-- STUDY MATERIAL follows --

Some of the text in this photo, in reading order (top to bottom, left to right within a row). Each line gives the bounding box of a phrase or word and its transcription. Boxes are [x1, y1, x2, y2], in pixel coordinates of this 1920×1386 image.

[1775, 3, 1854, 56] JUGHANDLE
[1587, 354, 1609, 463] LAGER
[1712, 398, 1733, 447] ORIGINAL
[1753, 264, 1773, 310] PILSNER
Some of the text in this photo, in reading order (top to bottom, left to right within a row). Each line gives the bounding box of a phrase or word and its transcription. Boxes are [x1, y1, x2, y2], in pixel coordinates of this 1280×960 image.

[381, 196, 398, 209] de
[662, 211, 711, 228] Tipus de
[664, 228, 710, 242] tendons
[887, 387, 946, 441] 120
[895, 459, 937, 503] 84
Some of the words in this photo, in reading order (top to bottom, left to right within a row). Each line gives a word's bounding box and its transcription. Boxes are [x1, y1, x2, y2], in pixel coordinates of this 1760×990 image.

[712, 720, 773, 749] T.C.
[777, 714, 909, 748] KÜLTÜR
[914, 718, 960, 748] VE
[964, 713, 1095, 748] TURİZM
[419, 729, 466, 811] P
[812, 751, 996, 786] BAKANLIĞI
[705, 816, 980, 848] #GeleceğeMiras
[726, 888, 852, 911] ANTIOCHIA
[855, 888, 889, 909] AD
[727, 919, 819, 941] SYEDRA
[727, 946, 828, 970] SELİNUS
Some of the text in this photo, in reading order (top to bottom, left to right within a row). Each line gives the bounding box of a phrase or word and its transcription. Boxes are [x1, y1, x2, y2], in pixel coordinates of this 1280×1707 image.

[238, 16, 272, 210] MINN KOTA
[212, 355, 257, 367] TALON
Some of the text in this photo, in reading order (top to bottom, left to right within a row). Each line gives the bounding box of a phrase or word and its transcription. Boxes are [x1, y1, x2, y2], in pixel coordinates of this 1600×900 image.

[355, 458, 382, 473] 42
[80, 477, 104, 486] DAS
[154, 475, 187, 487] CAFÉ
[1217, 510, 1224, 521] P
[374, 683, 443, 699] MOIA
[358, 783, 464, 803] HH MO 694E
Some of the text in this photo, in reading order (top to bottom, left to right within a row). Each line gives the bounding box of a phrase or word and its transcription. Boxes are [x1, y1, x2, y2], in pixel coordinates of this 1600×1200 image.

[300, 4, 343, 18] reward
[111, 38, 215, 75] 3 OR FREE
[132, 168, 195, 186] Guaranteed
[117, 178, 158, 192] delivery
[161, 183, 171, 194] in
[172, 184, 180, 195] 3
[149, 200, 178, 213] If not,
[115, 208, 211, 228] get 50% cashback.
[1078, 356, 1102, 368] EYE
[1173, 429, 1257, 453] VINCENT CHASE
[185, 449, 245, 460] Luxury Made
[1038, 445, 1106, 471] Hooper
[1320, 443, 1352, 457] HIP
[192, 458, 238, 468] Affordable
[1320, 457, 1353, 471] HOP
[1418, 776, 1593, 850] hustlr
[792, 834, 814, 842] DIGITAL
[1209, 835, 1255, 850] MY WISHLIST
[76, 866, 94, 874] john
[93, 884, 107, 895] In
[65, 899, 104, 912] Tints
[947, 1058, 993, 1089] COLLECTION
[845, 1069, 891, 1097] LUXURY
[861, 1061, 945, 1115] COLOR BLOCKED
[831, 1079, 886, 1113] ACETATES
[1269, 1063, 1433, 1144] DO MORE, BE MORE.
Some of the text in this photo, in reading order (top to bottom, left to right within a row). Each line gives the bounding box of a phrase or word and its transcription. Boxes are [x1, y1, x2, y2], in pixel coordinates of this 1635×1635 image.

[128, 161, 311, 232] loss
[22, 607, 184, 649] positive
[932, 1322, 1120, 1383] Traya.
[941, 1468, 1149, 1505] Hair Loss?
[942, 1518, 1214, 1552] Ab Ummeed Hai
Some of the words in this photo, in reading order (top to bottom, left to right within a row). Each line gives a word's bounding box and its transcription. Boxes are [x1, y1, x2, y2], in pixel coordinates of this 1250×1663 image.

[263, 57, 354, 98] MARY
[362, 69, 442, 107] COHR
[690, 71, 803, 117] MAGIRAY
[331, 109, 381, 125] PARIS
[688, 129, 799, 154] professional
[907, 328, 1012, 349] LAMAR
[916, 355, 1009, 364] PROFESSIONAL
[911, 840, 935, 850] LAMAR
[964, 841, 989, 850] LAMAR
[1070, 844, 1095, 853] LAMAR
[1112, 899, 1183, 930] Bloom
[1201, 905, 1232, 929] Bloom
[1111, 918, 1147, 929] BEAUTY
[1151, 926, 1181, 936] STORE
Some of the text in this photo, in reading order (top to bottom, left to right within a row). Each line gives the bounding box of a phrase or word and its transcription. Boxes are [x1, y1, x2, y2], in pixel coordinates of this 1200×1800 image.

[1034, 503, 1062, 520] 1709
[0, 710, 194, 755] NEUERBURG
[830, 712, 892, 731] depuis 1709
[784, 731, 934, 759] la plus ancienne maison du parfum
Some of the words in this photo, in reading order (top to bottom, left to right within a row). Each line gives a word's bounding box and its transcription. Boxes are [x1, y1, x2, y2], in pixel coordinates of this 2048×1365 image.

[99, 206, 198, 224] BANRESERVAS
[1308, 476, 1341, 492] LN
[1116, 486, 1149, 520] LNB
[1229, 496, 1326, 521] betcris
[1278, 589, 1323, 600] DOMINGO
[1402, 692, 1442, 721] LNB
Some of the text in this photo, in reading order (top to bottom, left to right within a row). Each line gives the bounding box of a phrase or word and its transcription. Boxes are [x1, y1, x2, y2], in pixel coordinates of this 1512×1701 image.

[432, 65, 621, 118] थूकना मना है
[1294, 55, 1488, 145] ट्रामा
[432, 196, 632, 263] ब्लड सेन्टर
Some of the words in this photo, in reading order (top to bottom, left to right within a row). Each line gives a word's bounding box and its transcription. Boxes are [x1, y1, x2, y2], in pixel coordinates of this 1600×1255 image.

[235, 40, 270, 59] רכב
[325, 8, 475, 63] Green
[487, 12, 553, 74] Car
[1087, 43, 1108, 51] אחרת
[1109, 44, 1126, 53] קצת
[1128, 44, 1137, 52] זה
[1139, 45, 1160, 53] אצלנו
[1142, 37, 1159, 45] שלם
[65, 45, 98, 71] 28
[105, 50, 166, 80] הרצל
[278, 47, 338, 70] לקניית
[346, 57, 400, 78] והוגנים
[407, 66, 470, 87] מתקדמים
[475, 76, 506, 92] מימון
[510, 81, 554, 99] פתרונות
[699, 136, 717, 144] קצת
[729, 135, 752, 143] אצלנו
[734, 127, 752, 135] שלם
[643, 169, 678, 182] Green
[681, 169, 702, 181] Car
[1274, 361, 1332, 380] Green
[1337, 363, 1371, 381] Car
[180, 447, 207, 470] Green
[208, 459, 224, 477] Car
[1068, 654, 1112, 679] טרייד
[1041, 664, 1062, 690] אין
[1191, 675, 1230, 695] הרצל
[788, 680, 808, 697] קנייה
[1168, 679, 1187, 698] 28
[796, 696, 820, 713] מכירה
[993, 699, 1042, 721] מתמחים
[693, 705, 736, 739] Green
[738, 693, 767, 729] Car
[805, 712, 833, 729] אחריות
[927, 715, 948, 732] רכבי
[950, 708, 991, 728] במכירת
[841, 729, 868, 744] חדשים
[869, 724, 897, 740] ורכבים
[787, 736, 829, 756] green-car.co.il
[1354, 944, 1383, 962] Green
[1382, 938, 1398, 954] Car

-- STUDY MATERIAL concluded --

## PROMPT
Each record above must be restated in full, word for word.

## RESPONSE TO THE TASK
Some of the text in this photo, in reading order (top to bottom, left to right within a row). Each line gives the bounding box of a phrase or word and its transcription. Boxes are [x1, y1, x2, y2], in pixel coordinates of this 1920×1386 image.

[1775, 3, 1854, 56] JUGHANDLE
[1587, 354, 1609, 463] LAGER
[1712, 398, 1733, 447] ORIGINAL
[1753, 264, 1773, 310] PILSNER
Some of the text in this photo, in reading order (top to bottom, left to right within a row). Each line gives the bounding box of a phrase or word and its transcription. Boxes are [x1, y1, x2, y2], in pixel coordinates of this 1280×960 image.

[381, 196, 398, 209] de
[662, 211, 711, 228] Tipus de
[664, 228, 710, 242] tendons
[887, 387, 946, 441] 120
[895, 459, 937, 503] 84
Some of the words in this photo, in reading order (top to bottom, left to right within a row). Each line gives a word's bounding box and its transcription. Boxes are [x1, y1, x2, y2], in pixel coordinates of this 1760×990 image.

[712, 720, 773, 749] T.C.
[777, 714, 909, 748] KÜLTÜR
[914, 718, 960, 748] VE
[964, 713, 1095, 748] TURİZM
[419, 729, 466, 811] P
[812, 751, 996, 786] BAKANLIĞI
[705, 816, 980, 848] #GeleceğeMiras
[726, 888, 852, 911] ANTIOCHIA
[855, 888, 889, 909] AD
[727, 919, 819, 941] SYEDRA
[727, 946, 828, 970] SELİNUS
Some of the text in this photo, in reading order (top to bottom, left to right within a row). Each line gives the bounding box of a phrase or word and its transcription. Boxes are [x1, y1, x2, y2], in pixel coordinates of this 1280×1707 image.

[238, 16, 272, 210] MINN KOTA
[212, 355, 257, 367] TALON
Some of the text in this photo, in reading order (top to bottom, left to right within a row). Each line gives the bounding box of a phrase or word and its transcription. Boxes are [x1, y1, x2, y2], in pixel coordinates of this 1600×900 image.

[355, 458, 382, 473] 42
[80, 477, 104, 486] DAS
[154, 475, 187, 487] CAFÉ
[1217, 510, 1224, 521] P
[374, 683, 443, 699] MOIA
[358, 783, 464, 803] HH MO 694E
Some of the text in this photo, in reading order (top to bottom, left to right within a row). Each line gives the bounding box of a phrase or word and its transcription. Boxes are [x1, y1, x2, y2], in pixel coordinates of this 1600×1200 image.

[300, 4, 343, 18] reward
[111, 38, 215, 75] 3 OR FREE
[132, 168, 195, 186] Guaranteed
[117, 178, 158, 192] delivery
[161, 183, 171, 194] in
[172, 184, 180, 195] 3
[149, 200, 178, 213] If not,
[115, 208, 211, 228] get 50% cashback.
[1078, 356, 1102, 368] EYE
[1173, 429, 1257, 453] VINCENT CHASE
[185, 449, 245, 460] Luxury Made
[1038, 445, 1106, 471] Hooper
[1320, 443, 1352, 457] HIP
[192, 458, 238, 468] Affordable
[1320, 457, 1353, 471] HOP
[1418, 776, 1593, 850] hustlr
[792, 834, 814, 842] DIGITAL
[1209, 835, 1255, 850] MY WISHLIST
[76, 866, 94, 874] john
[93, 884, 107, 895] In
[65, 899, 104, 912] Tints
[947, 1058, 993, 1089] COLLECTION
[845, 1069, 891, 1097] LUXURY
[861, 1061, 945, 1115] COLOR BLOCKED
[831, 1079, 886, 1113] ACETATES
[1269, 1063, 1433, 1144] DO MORE, BE MORE.
Some of the text in this photo, in reading order (top to bottom, left to right within a row). Each line gives the bounding box of a phrase or word and its transcription. Boxes are [x1, y1, x2, y2], in pixel coordinates of this 1635×1635 image.

[128, 161, 311, 232] loss
[22, 607, 184, 649] positive
[932, 1322, 1120, 1383] Traya.
[941, 1468, 1149, 1505] Hair Loss?
[942, 1518, 1214, 1552] Ab Ummeed Hai
Some of the words in this photo, in reading order (top to bottom, left to right within a row). Each line gives a word's bounding box and its transcription. Boxes are [x1, y1, x2, y2], in pixel coordinates of this 1250×1663 image.

[263, 57, 354, 98] MARY
[362, 69, 442, 107] COHR
[690, 71, 803, 117] MAGIRAY
[331, 109, 381, 125] PARIS
[688, 129, 799, 154] professional
[907, 328, 1012, 349] LAMAR
[916, 355, 1009, 364] PROFESSIONAL
[911, 840, 935, 850] LAMAR
[964, 841, 989, 850] LAMAR
[1070, 844, 1095, 853] LAMAR
[1112, 899, 1183, 930] Bloom
[1201, 905, 1232, 929] Bloom
[1111, 918, 1147, 929] BEAUTY
[1151, 926, 1181, 936] STORE
Some of the text in this photo, in reading order (top to bottom, left to right within a row). Each line gives the bounding box of a phrase or word and its transcription. Boxes are [x1, y1, x2, y2], in pixel coordinates of this 1200×1800 image.

[1034, 503, 1062, 520] 1709
[0, 710, 194, 755] NEUERBURG
[830, 712, 892, 731] depuis 1709
[784, 731, 934, 759] la plus ancienne maison du parfum
Some of the words in this photo, in reading order (top to bottom, left to right within a row). Each line gives a word's bounding box and its transcription. Boxes are [x1, y1, x2, y2], in pixel coordinates of this 2048×1365 image.

[99, 206, 198, 224] BANRESERVAS
[1308, 476, 1341, 492] LN
[1116, 486, 1149, 520] LNB
[1229, 496, 1326, 521] betcris
[1278, 589, 1323, 600] DOMINGO
[1402, 692, 1442, 721] LNB
Some of the text in this photo, in reading order (top to bottom, left to right within a row). Each line gives the bounding box of a phrase or word and its transcription. Boxes are [x1, y1, x2, y2], in pixel coordinates of this 1512×1701 image.

[432, 65, 621, 118] थूकना मना है
[1294, 55, 1488, 145] ट्रामा
[432, 196, 632, 263] ब्लड सेन्टर
Some of the words in this photo, in reading order (top to bottom, left to right within a row). Each line gives a word's bounding box and its transcription. Boxes are [x1, y1, x2, y2], in pixel coordinates of this 1600×1255 image.

[235, 40, 270, 59] רכב
[325, 8, 475, 63] Green
[487, 12, 553, 74] Car
[1087, 43, 1108, 51] אחרת
[1109, 44, 1126, 53] קצת
[1128, 44, 1137, 52] זה
[1139, 45, 1160, 53] אצלנו
[1142, 37, 1159, 45] שלם
[65, 45, 98, 71] 28
[105, 50, 166, 80] הרצל
[278, 47, 338, 70] לקניית
[346, 57, 400, 78] והוגנים
[407, 66, 470, 87] מתקדמים
[475, 76, 506, 92] מימון
[510, 81, 554, 99] פתרונות
[699, 136, 717, 144] קצת
[729, 135, 752, 143] אצלנו
[734, 127, 752, 135] שלם
[643, 169, 678, 182] Green
[681, 169, 702, 181] Car
[1274, 361, 1332, 380] Green
[1337, 363, 1371, 381] Car
[180, 447, 207, 470] Green
[208, 459, 224, 477] Car
[1068, 654, 1112, 679] טרייד
[1041, 664, 1062, 690] אין
[1191, 675, 1230, 695] הרצל
[788, 680, 808, 697] קנייה
[1168, 679, 1187, 698] 28
[796, 696, 820, 713] מכירה
[993, 699, 1042, 721] מתמחים
[693, 705, 736, 739] Green
[738, 693, 767, 729] Car
[805, 712, 833, 729] אחריות
[927, 715, 948, 732] רכבי
[950, 708, 991, 728] במכירת
[841, 729, 868, 744] חדשים
[869, 724, 897, 740] ורכבים
[787, 736, 829, 756] green-car.co.il
[1354, 944, 1383, 962] Green
[1382, 938, 1398, 954] Car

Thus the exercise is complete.